VI

"Let us confine ourselves to these extracts. Let us close this mournful inquest. We have proofs enough.

"The general execration of the deed is visible. A hundred other depositions which we have before us repeat the same facts in almost the same words. It is at present certain, it is proved, it is beyond the possibility of doubt, it cannot be denied, it is evident as the sunlight, that on Thursday, the 4th of December, 1851, the unoffending citizens of Paris, the citizens who were not in any way mixed up with the fighting, were shot down without warning, and massacred merely for the sake of intimidation, and that it is not possible to attach any other meaning to Monsieur Bonaparte's mysterious command.

"This execution lasted until nightfall. For more than an hour, there was, as it were, a debauch of musketry and artillery. The cannonade and the platoon-firing crossed each other indiscriminately; at one time the soldiers were killing one another. The battery of the 6th Regiment of Artillery, which belonged to Canrobert's brigade, was dismounted; the horses, rearing in the midst of the balls, broke the axles, the wheels and the poles, and of the whole battery, in less than a minute there remained only one gun in commission. A whole squadron of the 1st Lancers was obliged to seek refuge in a shed on Rue Saint-Fiacre. Seventy bullet-holes were counted the next day in the pennons of the lances. A sort of frenzy had seized the soldiers. At the corner of Rue Rougemont, and in the midst of the smoke, one general was waving his arms as if to restrain them; a medical officer of the 27th was nearly killed by the soldiers whom he endeavoured to check. A sergeant said to an officer who took hold of his arm: 'Lieutenant, you are betraying us.' The soldiers had no consciousness of themselves; they had gone mad with the crime they were ordered to commit. There comes a moment when the very outrageousness of what you are doing makes you redouble your blows.

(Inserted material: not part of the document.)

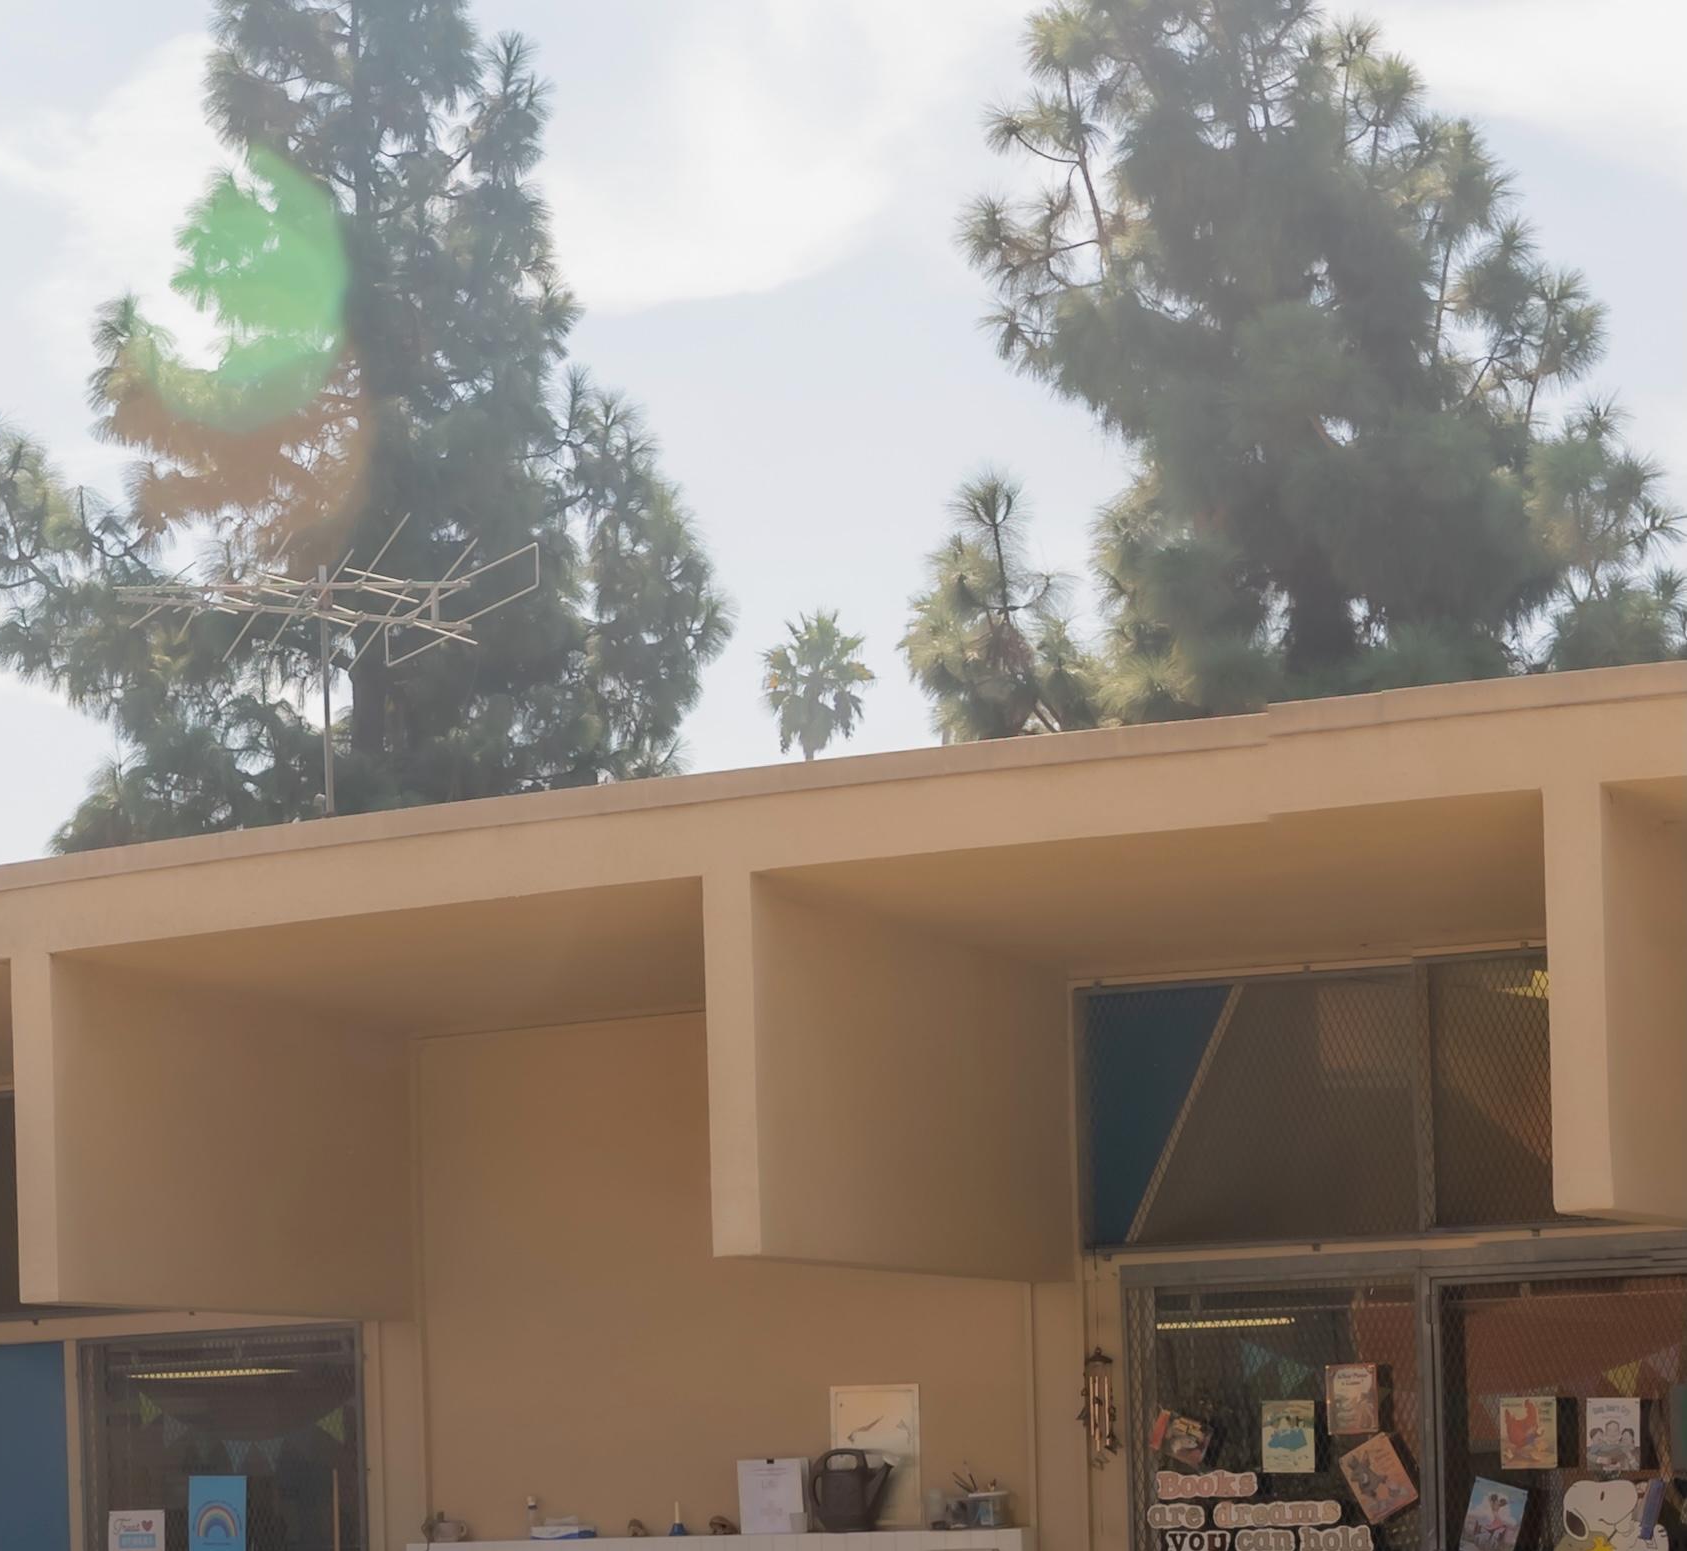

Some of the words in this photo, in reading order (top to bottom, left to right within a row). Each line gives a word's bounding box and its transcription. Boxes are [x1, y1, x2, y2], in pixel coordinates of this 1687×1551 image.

Blood is a kind of horrible wine; men get drunk with carnage.

"It seemed as if some invisible hand were launching death from the midst of a cloud. The soldiers were no longer aught but projectiles.

"Two guns in the roadway of the boulevard were pointed at the front of a single house, that of M. Sallandrouze, and fired volley after volley at it, at close range. This house, which is an old mansion of hewn stone, remarkable for its almost monumental flight of steps, being split by bullets as if by iron wedges, opened, gaped, and cracked from top to bottom. The soldiers fired faster and faster. At every discharge, the walls cracked again. Suddenly an officer of artillery galloped up, and cried, 'Hold! hold!' The house was leaning forward; another ball, and it would have fallen on the guns and the gunners.

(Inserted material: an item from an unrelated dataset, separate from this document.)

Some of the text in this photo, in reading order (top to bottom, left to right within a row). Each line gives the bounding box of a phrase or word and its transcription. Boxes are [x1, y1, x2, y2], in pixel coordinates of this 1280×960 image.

"The artillerymen were so drunk that many of them, not knowing what they were doing, allowed themselves to be killed by the rebound of their guns. The balls came simultaneously from Porte Saint-Denis, Boulevard Poissonnière and Boulevard Montmartre; the drivers, hearing them whizzing past their ears in every direction, lay down upon their horses, while the gunners hid underneath the caissons and behind the wagons; soldiers were seen to drop their caps and fly in dismay into Rue Notre-Dame-de-Recouvrance; troopers, losing their heads, fired their carbines in the air, while others dismounted and made a breastwork of their horses. Two or three of the latter, without riders, ran here and there, mad with terror.

"The most horrible amusements were blended with the massacre. The tirailleurs from Vincennes had established themselves at one of the barricades on the boulevard which they had carried by assault, and from thence they practised shooting at persons passing at a distance. From the neighbouring houses, such shocking dialogues as this were heard: 'I'll bet I bring that fellow down.'—'I'll bet you don't.'—'I'll bet I do.' And the shot followed. When the man fell, one could guess by the roar of laughter. Whenever a woman passed, the officers cried: 'Fire at that woman; fire at the women!'

"This was one of the watchwords; on Boulevard Montmartre, where the bayonet was greatly in requisition, a young staff-captain cried: 'Prick the women!'

"One woman, with a loaf under her arm, thought she might cross Rue Saint-Fiacre. A tirailleur shot her down.